La qualité de l'éducation au Kosovo continue d'être faible

Selon diverses études, le système éducatif n'aurait guère réussi à créer les ressources humaines dont le marché du travail a besoin. Entre-temps, les estimations internationales qui ont été faites pour l'éducation au Kosovo ont apporté notre pays presque la dernière en qualité. Toutefois, les fonctionnaires [...]
Entre-temps, les estimations internationales qui ont été faites pour l'éducation au Kosovo ont apporté notre pays presque la dernière en qualité. Toutefois, les responsables gouvernementaux affirment que des mesures ont été prises pour sortir de cette situation.
Récemment, la Banque mondiale a constaté dans un rapport de comparaison que les enfants du Kosovo, à l'âge de 18 ans, devraient suivre 12,8 années d'enseignement primaire, primaire et moyen, mais lorsque leurs années d'enseignement sont évaluées pour la qualité de l'enseignement, leur scolarité n'est égale qu'à 7,7 ans.
Selon le rapport, un enfant né aujourd'hui au Kosovo ne sera productif que 56 % lorsqu'il sera grand par rapport à un enfant qui aura une éducation complète.
La connaissance des affaires de l'éducation, Dukagjin Pupovci, dit qu'en termes de qualité dans l'éducation, nous ne pouvons se vanter de rien. Il a dit à Radio Kosovo que le dernier rapport de la Banque mondiale est appelé dans les résultats d'essais P L'ISA et que de telles différences existent ailleurs.

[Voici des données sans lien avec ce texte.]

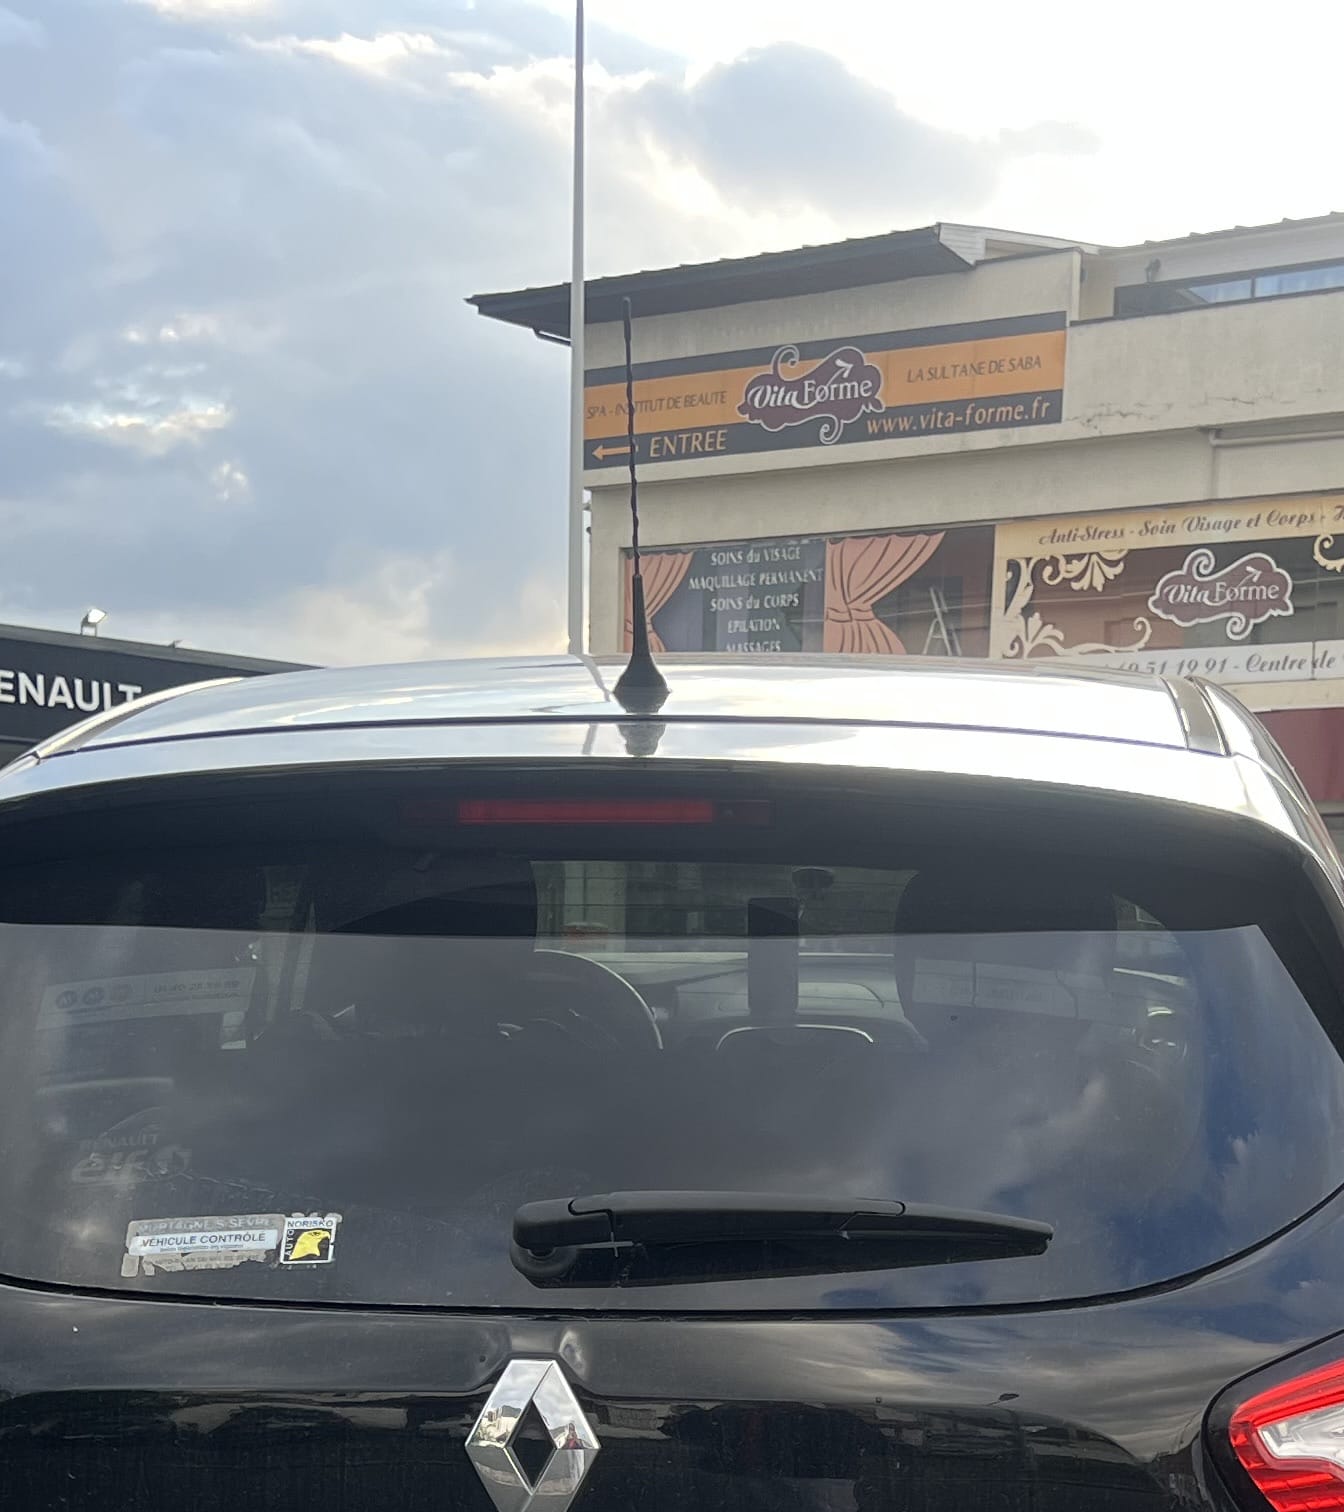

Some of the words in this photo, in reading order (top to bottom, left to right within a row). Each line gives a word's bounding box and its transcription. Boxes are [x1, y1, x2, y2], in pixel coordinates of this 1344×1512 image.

[907, 368, 924, 383] LA
[927, 360, 985, 379] SULTANE
[987, 360, 1005, 374] DE
[1009, 355, 1042, 371] SABA
[587, 405, 606, 419] SPA
[667, 397, 681, 410] DE
[683, 391, 727, 407] BEAUTE
[748, 384, 798, 408] Vita
[803, 379, 873, 405] Forme
[866, 397, 1051, 434] www.vita-forme.fr
[649, 430, 728, 457] ENTREE
[1039, 526, 1125, 547] Anti-Stress
[1139, 518, 1176, 537] Soin
[1182, 514, 1242, 537] Visage
[1246, 513, 1261, 529] et
[1265, 508, 1316, 531] Corps
[711, 551, 743, 565] SOINS
[747, 549, 760, 563] du
[763, 546, 801, 561] VISAGE
[688, 573, 756, 592] MAQUILLAGE
[759, 568, 824, 586] PERMANENT
[1164, 583, 1210, 606] Vita
[1213, 580, 1280, 602] Forme
[710, 596, 743, 612] SOINS
[746, 595, 760, 609] du
[763, 593, 800, 608] CORPS
[1246, 653, 1308, 673] Centre
[1312, 651, 1334, 670] de
[287, 1220, 334, 1228] NORISKO
[284, 1229, 295, 1256] AUTO
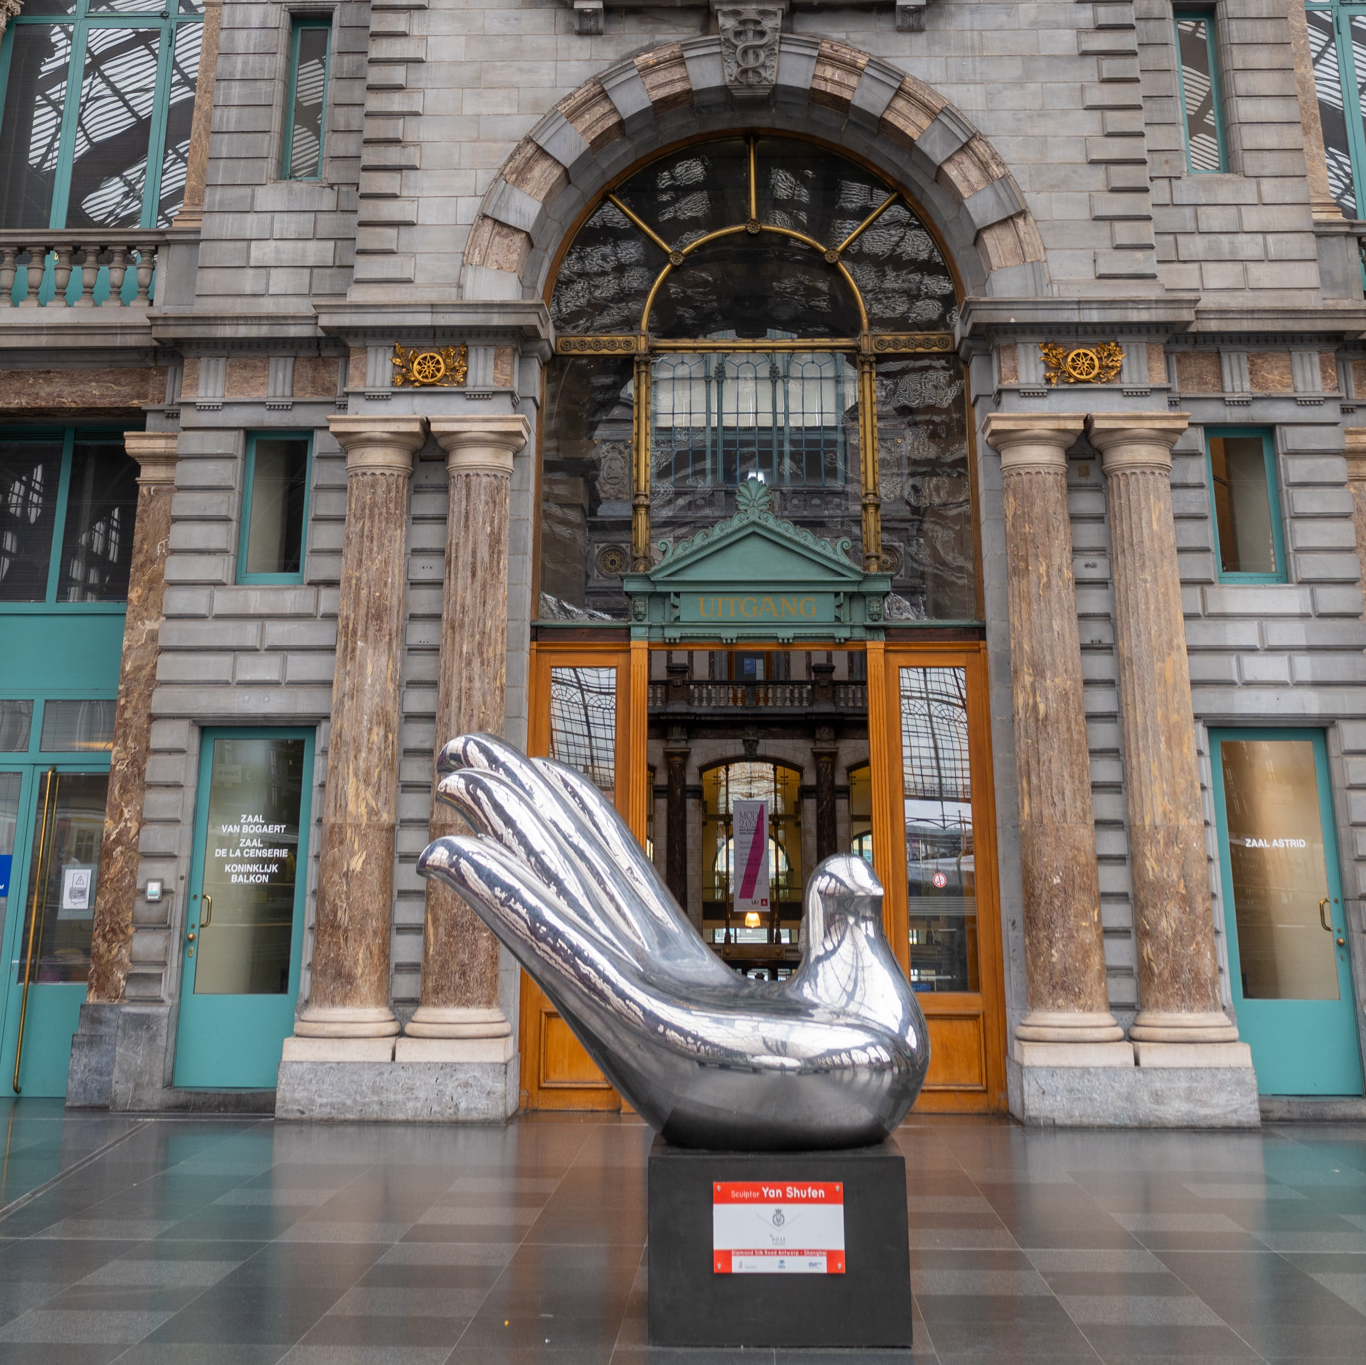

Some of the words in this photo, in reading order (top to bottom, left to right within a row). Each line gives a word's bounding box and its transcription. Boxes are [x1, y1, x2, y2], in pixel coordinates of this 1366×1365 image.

[698, 597, 817, 618] UITGANG
[240, 814, 265, 823] ZAAL
[222, 824, 241, 833] VAN
[242, 824, 286, 834] BOGAERT
[239, 838, 263, 847] ZAAL
[1245, 838, 1270, 848] ZAAL
[1272, 838, 1306, 848] ASTRID
[215, 848, 228, 857] DE
[229, 848, 241, 857] LA
[243, 848, 288, 858] CENSERIE
[225, 864, 278, 873] KONINKLIJK
[231, 874, 269, 883] BALKON
[731, 1190, 759, 1199] Sculptor
[762, 1186, 782, 1198] Yan
[786, 1186, 825, 1198] Shufen
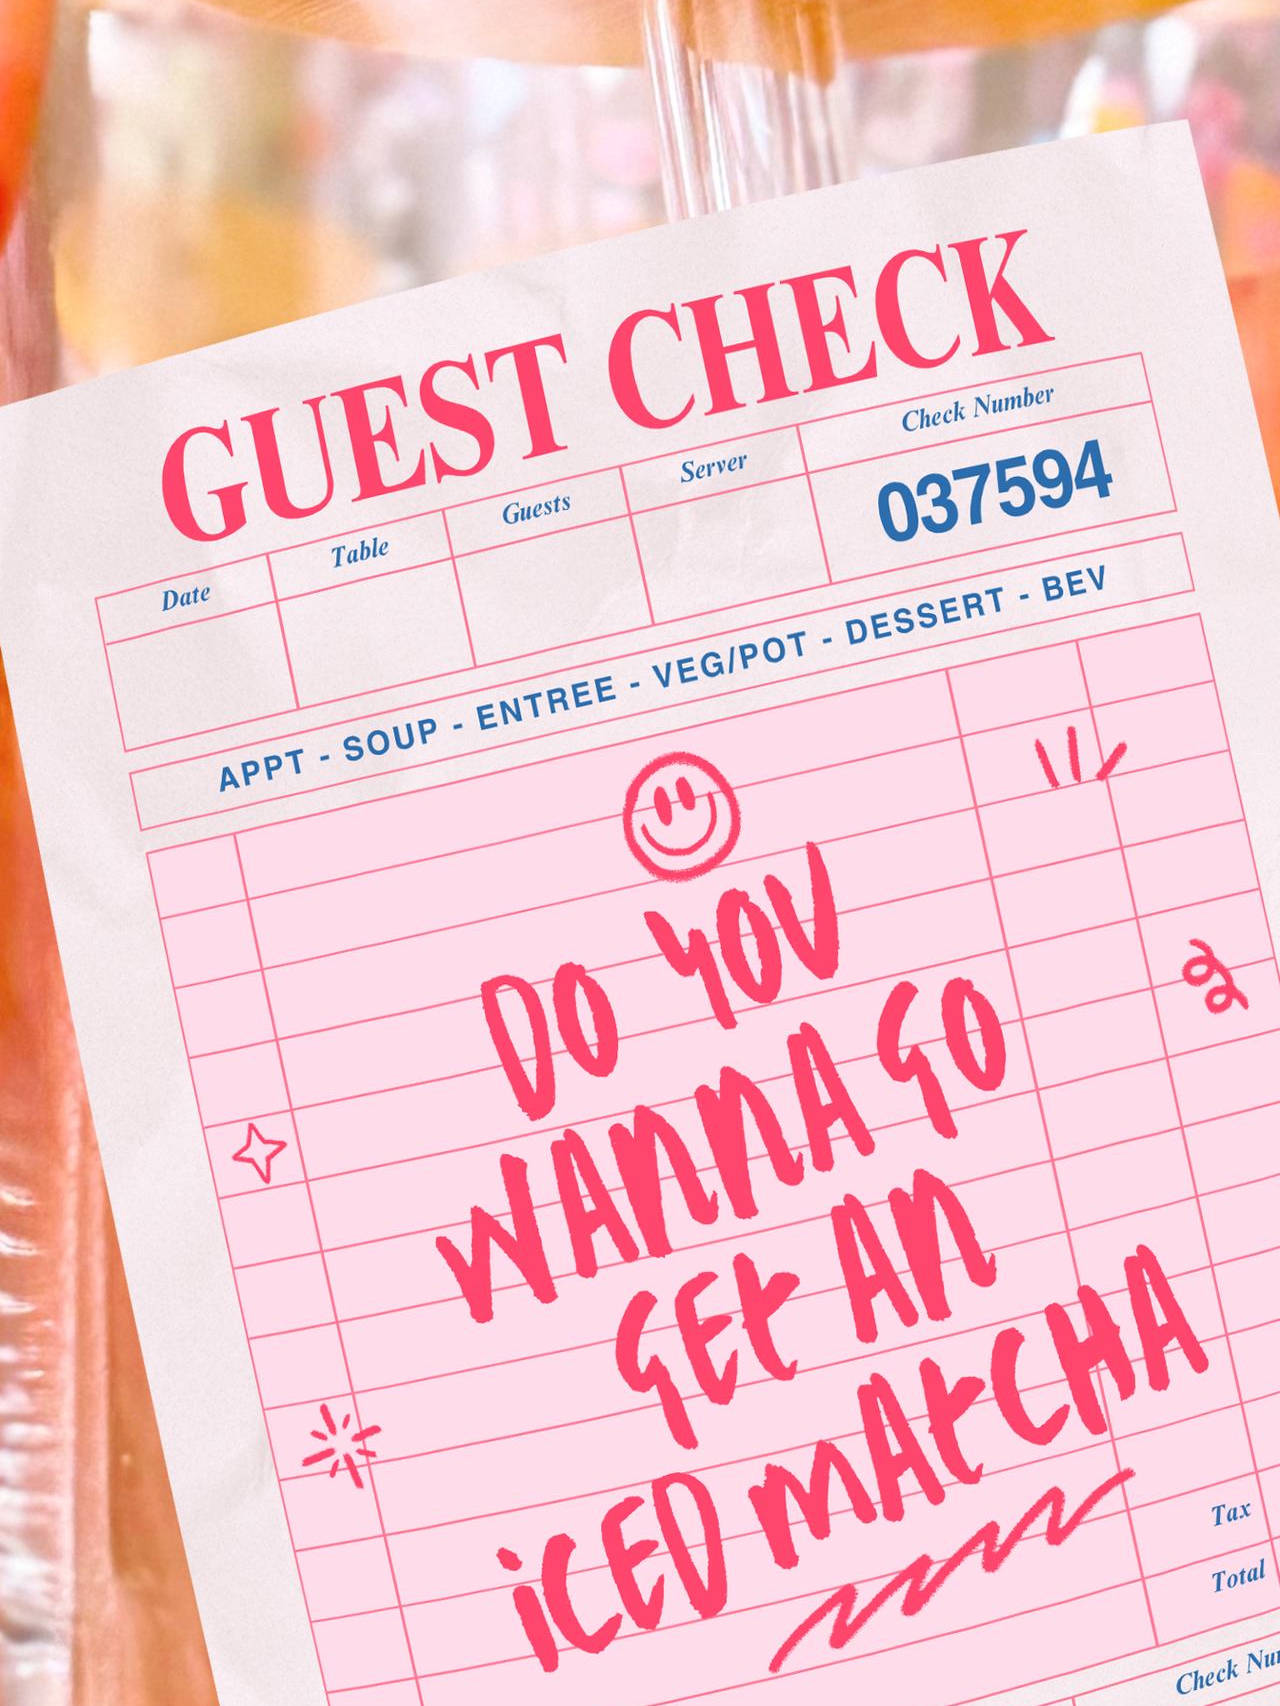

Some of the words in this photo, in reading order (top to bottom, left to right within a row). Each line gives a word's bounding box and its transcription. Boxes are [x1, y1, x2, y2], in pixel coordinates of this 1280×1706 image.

[160, 333, 569, 543] GUEST
[607, 229, 1057, 430] CHECK
[900, 399, 967, 433] Check
[972, 385, 1056, 419] Number
[679, 453, 749, 485] Server
[501, 494, 572, 526] Guests
[876, 437, 1115, 544] 037594
[330, 535, 390, 569] Table
[160, 585, 212, 613] Date
[218, 747, 305, 794] APPT
[341, 717, 438, 763] SOUP
[475, 674, 618, 732] ENTREE
[650, 629, 808, 690] VEG/POT
[844, 585, 1005, 647] DESSERT
[1040, 563, 1106, 603] BEV
[479, 961, 620, 1122] DO
[640, 840, 841, 1031] YOU
[875, 976, 1008, 1140] GO
[1210, 1501, 1252, 1528] Tax
[1210, 1556, 1267, 1594] Total
[1174, 1657, 1240, 1696] Check
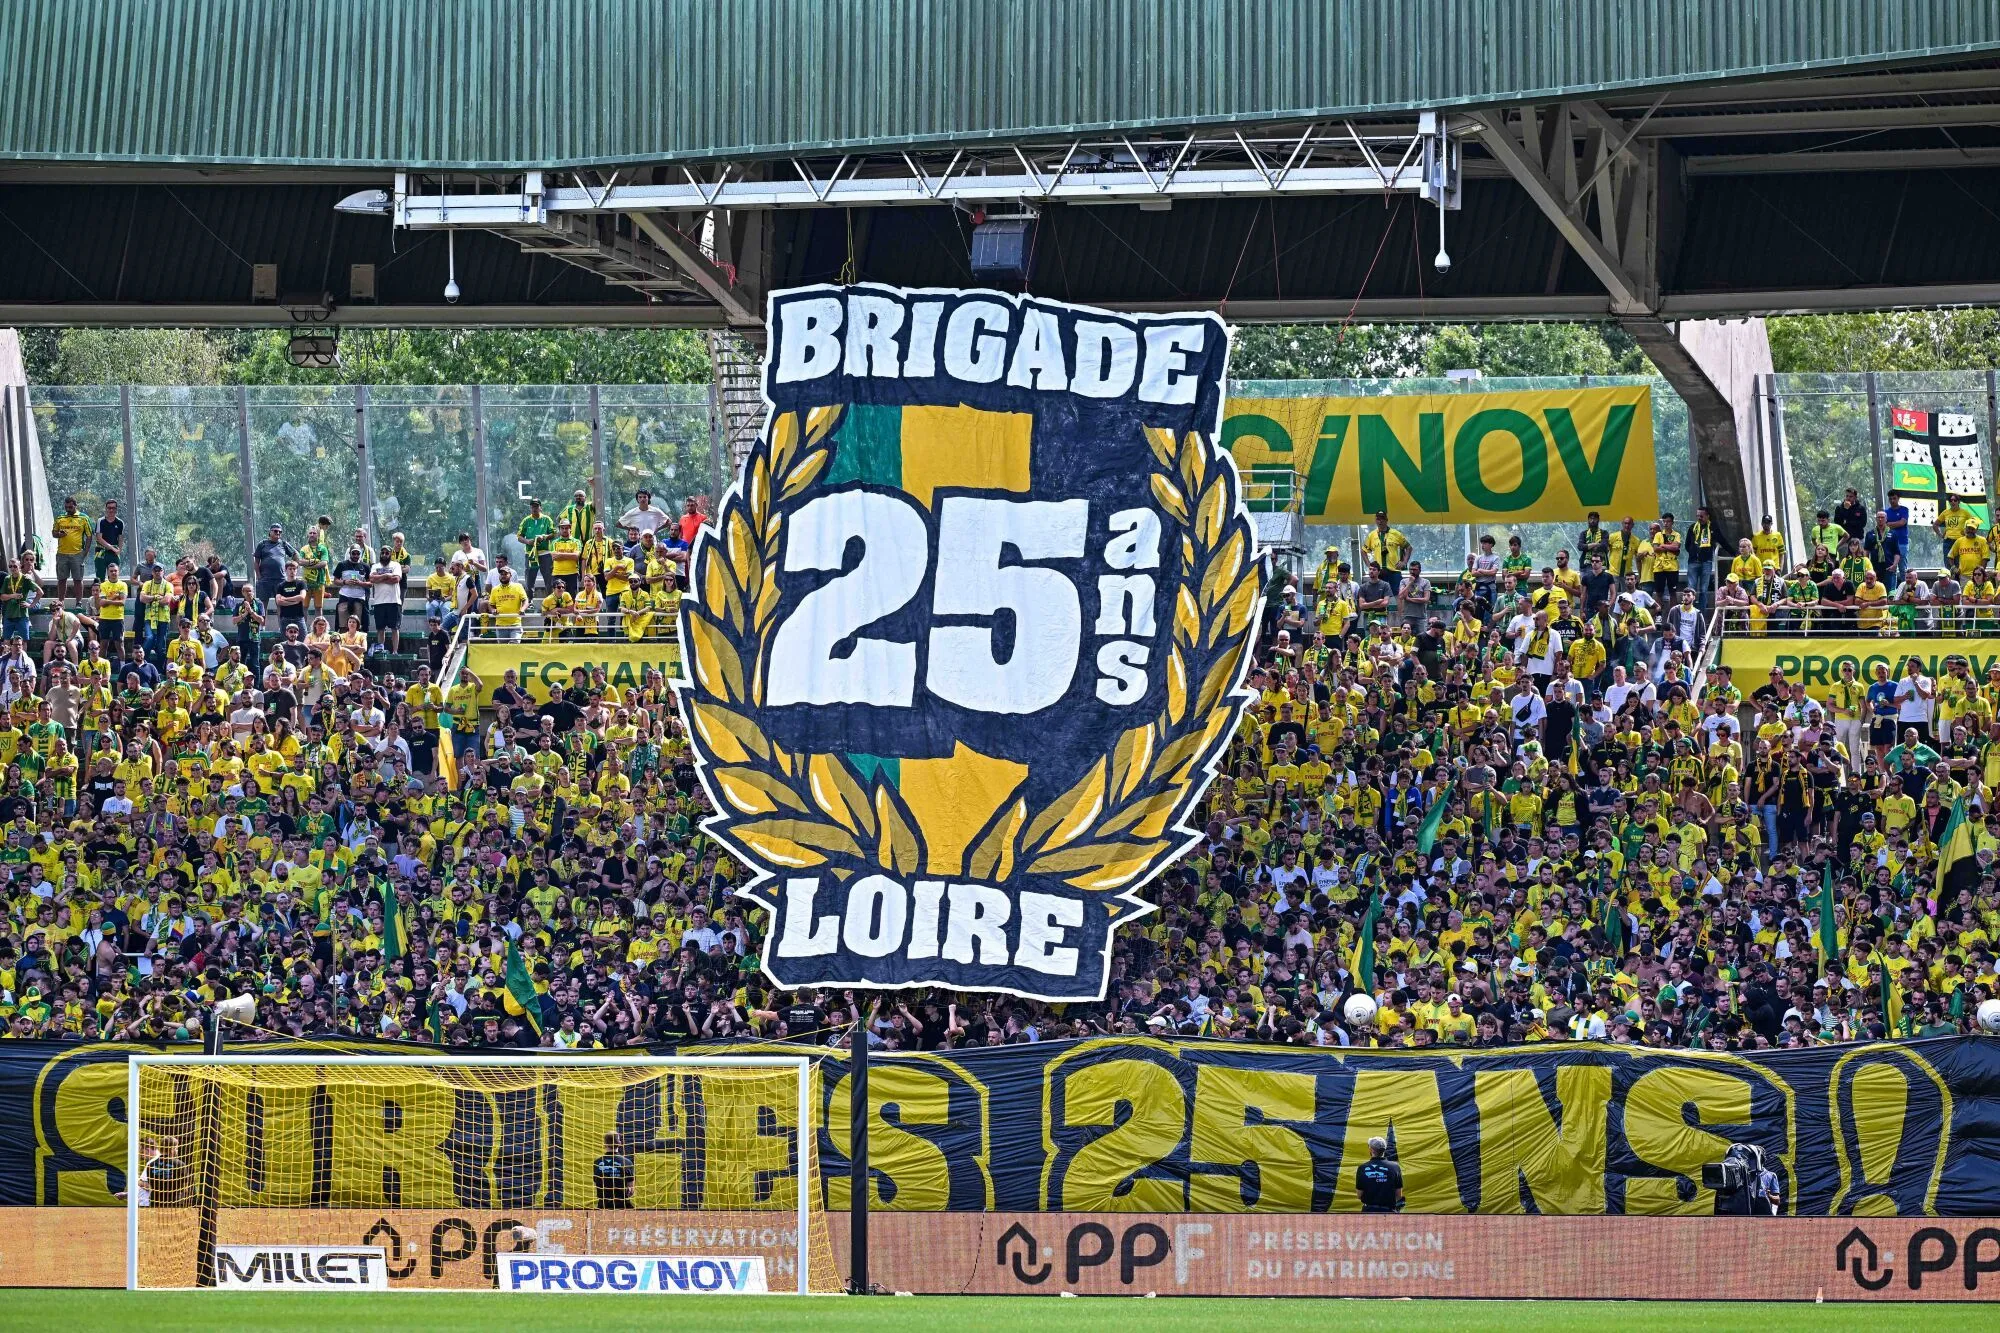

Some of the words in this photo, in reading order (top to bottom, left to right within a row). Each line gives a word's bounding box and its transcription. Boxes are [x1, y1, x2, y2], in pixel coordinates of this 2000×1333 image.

Le “est environ 4 ans en Macédoine, au Monténégro, puis en Serbie et en Albanie. Mais il y a un autre facteur à voir de l'après-guerre, celui de la participation à l'éducation. Nous avons eu une participation désagréable à l'éducation, en raison de la situation des années 90, où de nombreux enfants n'ont pas pu aller à l'école. ”
Ces dernières années, les données ont mis en évidence les marchés du travail pauvres des jeunes. Beaucoup d'entreprises privées, d'entreprises et d'institutions publiques ont souligné que les jeunes qui sont employés ou qui cherchent un emploi ont peu de connaissances sur des domaines spécifiques et manquent de compétences appropriées. Selon eux, cela résulte de la mauvaise qualité des écoles. L'Assemblée du Kosovo a également adopté l'année dernière une résolution pour que l'éducation soit une priorité nationale, une résolution qui n'a jamais été mise en œuvre. Pupovci dit que cela signifie que l'éducation n'est pas une priorité.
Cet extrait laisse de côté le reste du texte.